→ Directions for this task:
Restate the data below word for word, keeping each line intact.

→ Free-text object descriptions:
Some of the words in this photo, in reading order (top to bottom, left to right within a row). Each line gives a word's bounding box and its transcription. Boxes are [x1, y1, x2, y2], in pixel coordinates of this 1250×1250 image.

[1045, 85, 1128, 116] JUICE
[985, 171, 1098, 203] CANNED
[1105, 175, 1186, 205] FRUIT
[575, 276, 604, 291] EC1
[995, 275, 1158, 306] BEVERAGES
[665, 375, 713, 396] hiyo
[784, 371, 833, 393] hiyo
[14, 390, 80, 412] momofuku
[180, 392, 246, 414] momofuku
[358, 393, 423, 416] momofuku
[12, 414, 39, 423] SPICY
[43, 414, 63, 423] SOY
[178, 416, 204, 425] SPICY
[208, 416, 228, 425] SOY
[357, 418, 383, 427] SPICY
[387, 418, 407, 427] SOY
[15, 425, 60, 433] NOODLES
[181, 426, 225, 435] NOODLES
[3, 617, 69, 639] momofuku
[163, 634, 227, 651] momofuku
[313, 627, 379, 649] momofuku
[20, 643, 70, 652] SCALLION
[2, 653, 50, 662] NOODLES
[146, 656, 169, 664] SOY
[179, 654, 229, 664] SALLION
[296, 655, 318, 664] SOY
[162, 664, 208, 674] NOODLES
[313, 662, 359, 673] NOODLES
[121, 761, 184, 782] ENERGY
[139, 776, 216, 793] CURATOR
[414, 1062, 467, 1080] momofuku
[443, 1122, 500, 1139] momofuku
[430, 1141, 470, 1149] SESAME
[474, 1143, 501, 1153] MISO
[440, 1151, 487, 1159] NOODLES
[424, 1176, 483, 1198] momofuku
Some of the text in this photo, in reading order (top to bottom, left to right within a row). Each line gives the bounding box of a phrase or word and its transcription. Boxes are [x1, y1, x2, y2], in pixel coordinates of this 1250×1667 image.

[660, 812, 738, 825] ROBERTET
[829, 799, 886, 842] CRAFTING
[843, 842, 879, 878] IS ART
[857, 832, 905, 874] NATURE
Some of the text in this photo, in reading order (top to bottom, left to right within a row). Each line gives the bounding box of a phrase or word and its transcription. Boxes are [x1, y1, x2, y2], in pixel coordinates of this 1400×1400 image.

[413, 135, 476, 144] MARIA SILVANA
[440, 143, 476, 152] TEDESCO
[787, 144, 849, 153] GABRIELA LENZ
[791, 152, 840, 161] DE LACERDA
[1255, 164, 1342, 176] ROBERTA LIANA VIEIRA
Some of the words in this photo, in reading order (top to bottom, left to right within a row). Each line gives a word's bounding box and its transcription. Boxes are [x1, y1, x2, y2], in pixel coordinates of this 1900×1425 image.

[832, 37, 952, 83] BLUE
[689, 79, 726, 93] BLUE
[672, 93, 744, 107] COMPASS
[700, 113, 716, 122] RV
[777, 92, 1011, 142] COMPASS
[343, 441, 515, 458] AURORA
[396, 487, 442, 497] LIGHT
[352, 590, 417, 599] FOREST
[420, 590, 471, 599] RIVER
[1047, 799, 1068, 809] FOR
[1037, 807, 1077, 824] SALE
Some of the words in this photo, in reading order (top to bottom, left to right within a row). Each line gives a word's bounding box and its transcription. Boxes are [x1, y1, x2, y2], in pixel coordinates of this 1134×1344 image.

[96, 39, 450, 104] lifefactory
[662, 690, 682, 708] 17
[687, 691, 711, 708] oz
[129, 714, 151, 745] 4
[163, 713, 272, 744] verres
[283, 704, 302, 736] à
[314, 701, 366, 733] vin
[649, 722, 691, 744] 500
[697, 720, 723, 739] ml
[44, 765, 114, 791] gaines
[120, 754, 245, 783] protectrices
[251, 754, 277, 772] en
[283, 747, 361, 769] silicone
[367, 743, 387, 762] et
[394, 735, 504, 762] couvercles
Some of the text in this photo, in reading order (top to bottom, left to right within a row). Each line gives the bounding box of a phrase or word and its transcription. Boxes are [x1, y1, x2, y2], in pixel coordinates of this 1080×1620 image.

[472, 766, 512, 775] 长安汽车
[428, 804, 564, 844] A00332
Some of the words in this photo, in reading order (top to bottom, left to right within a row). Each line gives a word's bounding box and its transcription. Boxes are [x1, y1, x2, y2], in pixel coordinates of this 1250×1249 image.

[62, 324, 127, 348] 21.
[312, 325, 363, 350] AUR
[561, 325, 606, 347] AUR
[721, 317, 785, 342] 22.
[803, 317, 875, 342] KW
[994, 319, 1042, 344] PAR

→ Reply:
Some of the words in this photo, in reading order (top to bottom, left to right within a row). Each line gives a word's bounding box and its transcription. Boxes are [x1, y1, x2, y2], in pixel coordinates of this 1250×1250 image.

[1045, 85, 1128, 116] JUICE
[985, 171, 1098, 203] CANNED
[1105, 175, 1186, 205] FRUIT
[575, 276, 604, 291] EC1
[995, 275, 1158, 306] BEVERAGES
[665, 375, 713, 396] hiyo
[784, 371, 833, 393] hiyo
[14, 390, 80, 412] momofuku
[180, 392, 246, 414] momofuku
[358, 393, 423, 416] momofuku
[12, 414, 39, 423] SPICY
[43, 414, 63, 423] SOY
[178, 416, 204, 425] SPICY
[208, 416, 228, 425] SOY
[357, 418, 383, 427] SPICY
[387, 418, 407, 427] SOY
[15, 425, 60, 433] NOODLES
[181, 426, 225, 435] NOODLES
[3, 617, 69, 639] momofuku
[163, 634, 227, 651] momofuku
[313, 627, 379, 649] momofuku
[20, 643, 70, 652] SCALLION
[2, 653, 50, 662] NOODLES
[146, 656, 169, 664] SOY
[179, 654, 229, 664] SALLION
[296, 655, 318, 664] SOY
[162, 664, 208, 674] NOODLES
[313, 662, 359, 673] NOODLES
[121, 761, 184, 782] ENERGY
[139, 776, 216, 793] CURATOR
[414, 1062, 467, 1080] momofuku
[443, 1122, 500, 1139] momofuku
[430, 1141, 470, 1149] SESAME
[474, 1143, 501, 1153] MISO
[440, 1151, 487, 1159] NOODLES
[424, 1176, 483, 1198] momofuku
Some of the text in this photo, in reading order (top to bottom, left to right within a row). Each line gives the bounding box of a phrase or word and its transcription. Boxes are [x1, y1, x2, y2], in pixel coordinates of this 1250×1667 image.

[660, 812, 738, 825] ROBERTET
[829, 799, 886, 842] CRAFTING
[843, 842, 879, 878] IS ART
[857, 832, 905, 874] NATURE
Some of the text in this photo, in reading order (top to bottom, left to right within a row). Each line gives the bounding box of a phrase or word and its transcription. Boxes are [x1, y1, x2, y2], in pixel coordinates of this 1400×1400 image.

[413, 135, 476, 144] MARIA SILVANA
[440, 143, 476, 152] TEDESCO
[787, 144, 849, 153] GABRIELA LENZ
[791, 152, 840, 161] DE LACERDA
[1255, 164, 1342, 176] ROBERTA LIANA VIEIRA
Some of the words in this photo, in reading order (top to bottom, left to right within a row). Each line gives a word's bounding box and its transcription. Boxes are [x1, y1, x2, y2], in pixel coordinates of this 1900×1425 image.

[832, 37, 952, 83] BLUE
[689, 79, 726, 93] BLUE
[672, 93, 744, 107] COMPASS
[700, 113, 716, 122] RV
[777, 92, 1011, 142] COMPASS
[343, 441, 515, 458] AURORA
[396, 487, 442, 497] LIGHT
[352, 590, 417, 599] FOREST
[420, 590, 471, 599] RIVER
[1047, 799, 1068, 809] FOR
[1037, 807, 1077, 824] SALE
Some of the words in this photo, in reading order (top to bottom, left to right within a row). Each line gives a word's bounding box and its transcription. Boxes are [x1, y1, x2, y2], in pixel coordinates of this 1134×1344 image.

[96, 39, 450, 104] lifefactory
[662, 690, 682, 708] 17
[687, 691, 711, 708] oz
[129, 714, 151, 745] 4
[163, 713, 272, 744] verres
[283, 704, 302, 736] à
[314, 701, 366, 733] vin
[649, 722, 691, 744] 500
[697, 720, 723, 739] ml
[44, 765, 114, 791] gaines
[120, 754, 245, 783] protectrices
[251, 754, 277, 772] en
[283, 747, 361, 769] silicone
[367, 743, 387, 762] et
[394, 735, 504, 762] couvercles
Some of the text in this photo, in reading order (top to bottom, left to right within a row). Each line gives the bounding box of a phrase or word and its transcription. Boxes are [x1, y1, x2, y2], in pixel coordinates of this 1080×1620 image.

[472, 766, 512, 775] 长安汽车
[428, 804, 564, 844] A00332
Some of the words in this photo, in reading order (top to bottom, left to right within a row). Each line gives a word's bounding box and its transcription. Boxes are [x1, y1, x2, y2], in pixel coordinates of this 1250×1249 image.

[62, 324, 127, 348] 21.
[312, 325, 363, 350] AUR
[561, 325, 606, 347] AUR
[721, 317, 785, 342] 22.
[803, 317, 875, 342] KW
[994, 319, 1042, 344] PAR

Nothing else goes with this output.